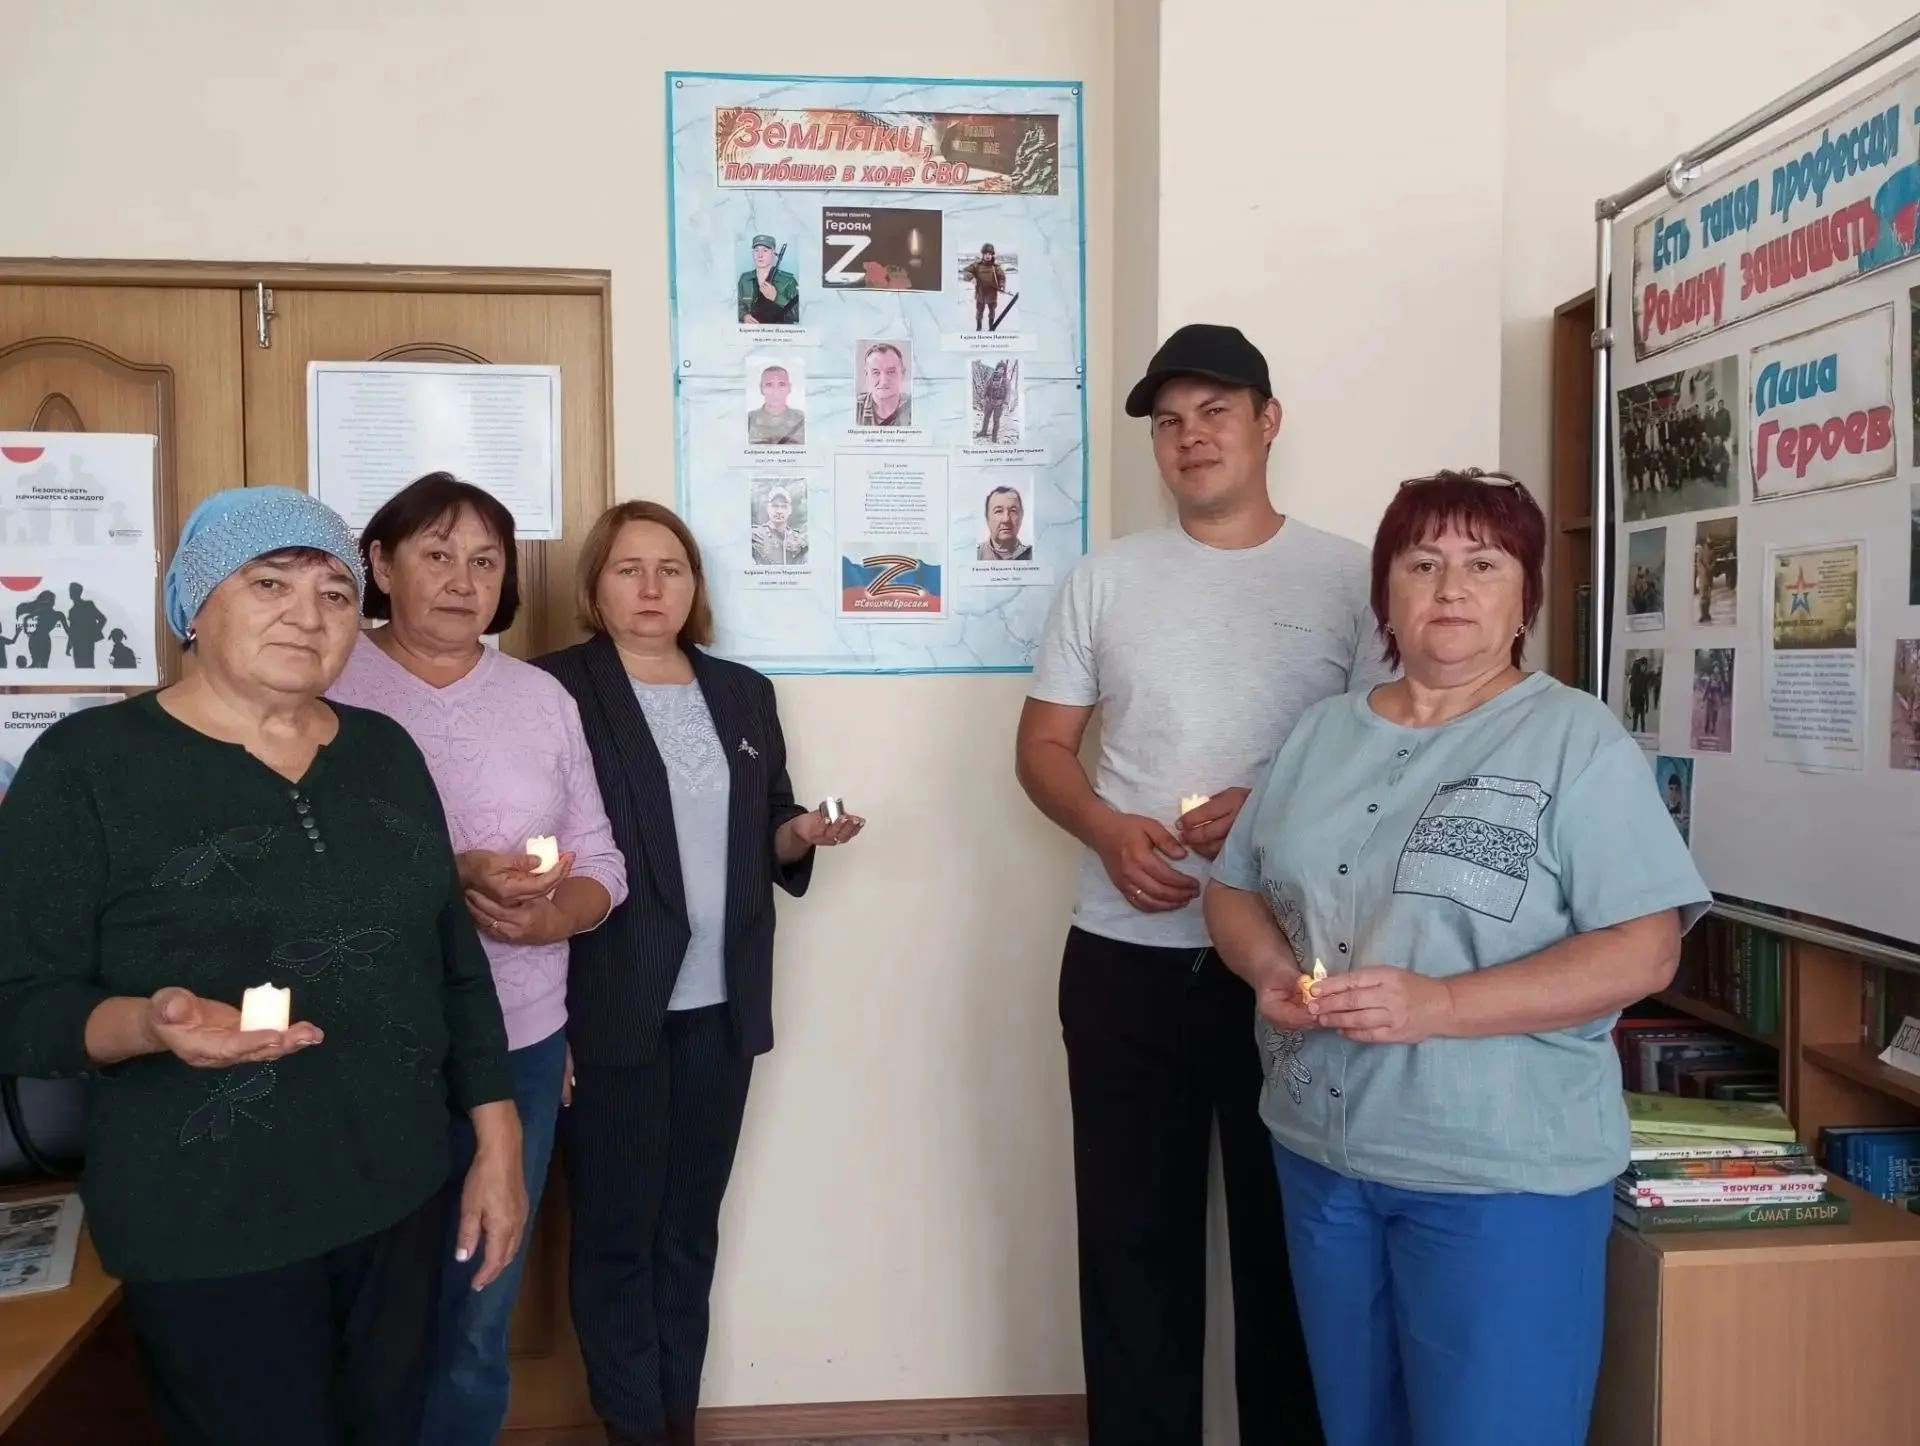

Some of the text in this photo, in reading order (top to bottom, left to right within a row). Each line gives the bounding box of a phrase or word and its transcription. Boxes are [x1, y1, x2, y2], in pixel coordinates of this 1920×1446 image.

[734, 110, 933, 162] Земляки,
[724, 157, 970, 187] погибшие в ходе СВО
[1653, 103, 1899, 273] Есть такая профессия
[825, 219, 872, 232] Героям
[825, 234, 872, 283] Z
[1642, 262, 1725, 342] Родину
[1756, 405, 1892, 480] Героев
[32, 485, 88, 494] Безопасность
[4, 721, 54, 729] Беспилот
[11, 711, 57, 720] Вступай
[1748, 1207, 1792, 1223] САМАТ
[1795, 1205, 1839, 1220] БАТЫР
———
TASK GOAL> Where a picture appears in the data, omit it; restate the rest word for word.

WRITTEN REPLY>
Some of the text in this photo, in reading order (top to bottom, left to right within a row). Each line gives the bounding box of a phrase or word and its transcription. Boxes are [x1, y1, x2, y2], in pixel coordinates of this 1920×1446 image.

[734, 110, 933, 162] Земляки,
[724, 157, 970, 187] погибшие в ходе СВО
[1653, 103, 1899, 273] Есть такая профессия
[825, 219, 872, 232] Героям
[825, 234, 872, 283] Z
[1642, 262, 1725, 342] Родину
[1756, 405, 1892, 480] Героев
[32, 485, 88, 494] Безопасность
[4, 721, 54, 729] Беспилот
[11, 711, 57, 720] Вступай
[1748, 1207, 1792, 1223] САМАТ
[1795, 1205, 1839, 1220] БАТЫР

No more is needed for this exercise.